Pantry Tracker
Security checks across malware telemetry and agentic risk
Overview
Pantry Tracker mostly matches its stated purpose, but its Supabase setup relies on an anon key while the provided schema does not define row-level access controls.
Review the Supabase security setup before installing. Add Row Level Security policies, verify you are using only an anon key, and enable the recurring email scans only if you are comfortable with the agent periodically reading grocery-order emails and storing parsed purchase details.
VirusTotal
VirusTotal findings are pending for this skill version.
Risk analysis
Artifact-based informational review of SKILL.md, metadata, install specs, static scan signals, and capability signals. ClawScan does not execute the skill or run runtime probes.
If RLS is not added, pantry purchase details and order references stored in Supabase may be more broadly readable or writable than the user expects.

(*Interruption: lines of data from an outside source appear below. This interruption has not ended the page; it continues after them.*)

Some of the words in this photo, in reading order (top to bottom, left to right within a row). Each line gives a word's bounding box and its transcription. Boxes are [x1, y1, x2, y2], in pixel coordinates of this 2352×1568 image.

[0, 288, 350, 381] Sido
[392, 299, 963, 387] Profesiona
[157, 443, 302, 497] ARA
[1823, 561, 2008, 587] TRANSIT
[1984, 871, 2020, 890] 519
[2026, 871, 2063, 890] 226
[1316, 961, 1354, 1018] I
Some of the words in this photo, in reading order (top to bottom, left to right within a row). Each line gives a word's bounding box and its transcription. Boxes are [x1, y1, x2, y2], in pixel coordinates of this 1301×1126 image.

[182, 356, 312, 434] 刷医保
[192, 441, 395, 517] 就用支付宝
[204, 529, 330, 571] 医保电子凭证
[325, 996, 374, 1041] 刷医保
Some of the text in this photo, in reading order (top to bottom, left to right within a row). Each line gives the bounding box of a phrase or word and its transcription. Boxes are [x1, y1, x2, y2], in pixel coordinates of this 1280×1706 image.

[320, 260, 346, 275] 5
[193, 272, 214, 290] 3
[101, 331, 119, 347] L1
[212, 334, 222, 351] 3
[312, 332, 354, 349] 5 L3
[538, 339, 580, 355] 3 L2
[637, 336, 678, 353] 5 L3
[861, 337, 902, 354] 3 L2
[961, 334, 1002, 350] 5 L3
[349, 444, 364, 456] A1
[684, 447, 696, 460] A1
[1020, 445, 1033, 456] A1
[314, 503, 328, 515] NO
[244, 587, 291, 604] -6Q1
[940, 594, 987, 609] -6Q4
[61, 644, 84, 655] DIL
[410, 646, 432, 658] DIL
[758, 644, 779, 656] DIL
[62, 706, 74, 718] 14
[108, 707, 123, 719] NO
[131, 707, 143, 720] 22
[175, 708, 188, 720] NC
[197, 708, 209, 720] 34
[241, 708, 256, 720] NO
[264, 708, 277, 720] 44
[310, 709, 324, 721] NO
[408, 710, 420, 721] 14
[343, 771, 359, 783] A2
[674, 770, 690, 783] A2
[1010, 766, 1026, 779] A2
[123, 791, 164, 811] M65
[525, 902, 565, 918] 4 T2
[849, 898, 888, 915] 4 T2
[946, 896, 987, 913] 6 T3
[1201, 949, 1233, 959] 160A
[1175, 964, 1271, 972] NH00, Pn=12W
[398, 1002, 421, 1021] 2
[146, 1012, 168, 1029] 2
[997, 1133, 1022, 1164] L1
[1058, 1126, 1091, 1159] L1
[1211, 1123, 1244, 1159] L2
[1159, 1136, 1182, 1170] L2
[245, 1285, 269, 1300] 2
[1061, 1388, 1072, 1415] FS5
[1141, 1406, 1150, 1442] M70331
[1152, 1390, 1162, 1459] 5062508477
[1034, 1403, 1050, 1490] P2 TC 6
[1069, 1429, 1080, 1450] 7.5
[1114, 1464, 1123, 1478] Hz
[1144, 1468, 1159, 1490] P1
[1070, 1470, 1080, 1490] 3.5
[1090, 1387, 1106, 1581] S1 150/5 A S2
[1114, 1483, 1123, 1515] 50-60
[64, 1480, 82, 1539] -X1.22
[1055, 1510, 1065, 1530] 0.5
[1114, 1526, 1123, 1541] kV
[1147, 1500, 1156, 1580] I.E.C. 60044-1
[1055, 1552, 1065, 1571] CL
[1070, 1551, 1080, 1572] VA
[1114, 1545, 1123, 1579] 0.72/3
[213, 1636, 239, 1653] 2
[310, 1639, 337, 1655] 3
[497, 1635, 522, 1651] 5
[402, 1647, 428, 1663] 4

The skill relies on anon-key/RLS containment, but the provided Supabase schema creates the pantry_items table without enabling Row Level Security or adding policies.
Use the **anon key** (not the service role key). The anon key is safe for client-side use and sufficient for all pantry operations. Never use the service role key — it bypasses Row Level Security.
Before using the anon key, add and document Row Level Security policies, ideally with per-user ownership or another clear access boundary; never use a service-role key for this client-side workflow.
Once configured, the agent may keep checking grocery emails and updating Supabase on a schedule without a fresh manual request each time.
The skill explicitly asks the user to configure recurring background tasks that continue scanning email-derived data and updating pantry state.
Set up two cron jobs in OpenClaw: **Email scanner** (every 2-4 hours): Use the agent's existing email tool ... to search for grocery order confirmations.
Only enable the cron jobs if you want ongoing automation; keep the email search narrowly filtered and know how to pause or remove the scheduled tasks.
Your grocery history and order identifiers may be retained in Supabase beyond the original email scan.
The persistent database stores grocery source and email order-reference metadata, which can reveal purchase habits.
source text, -- "whole-foods", "instacart", "costco", "manual" order_id text, -- email order reference
Use a private Supabase project, consider omitting or redacting order IDs, and define a retention or cleanup process for old pantry records.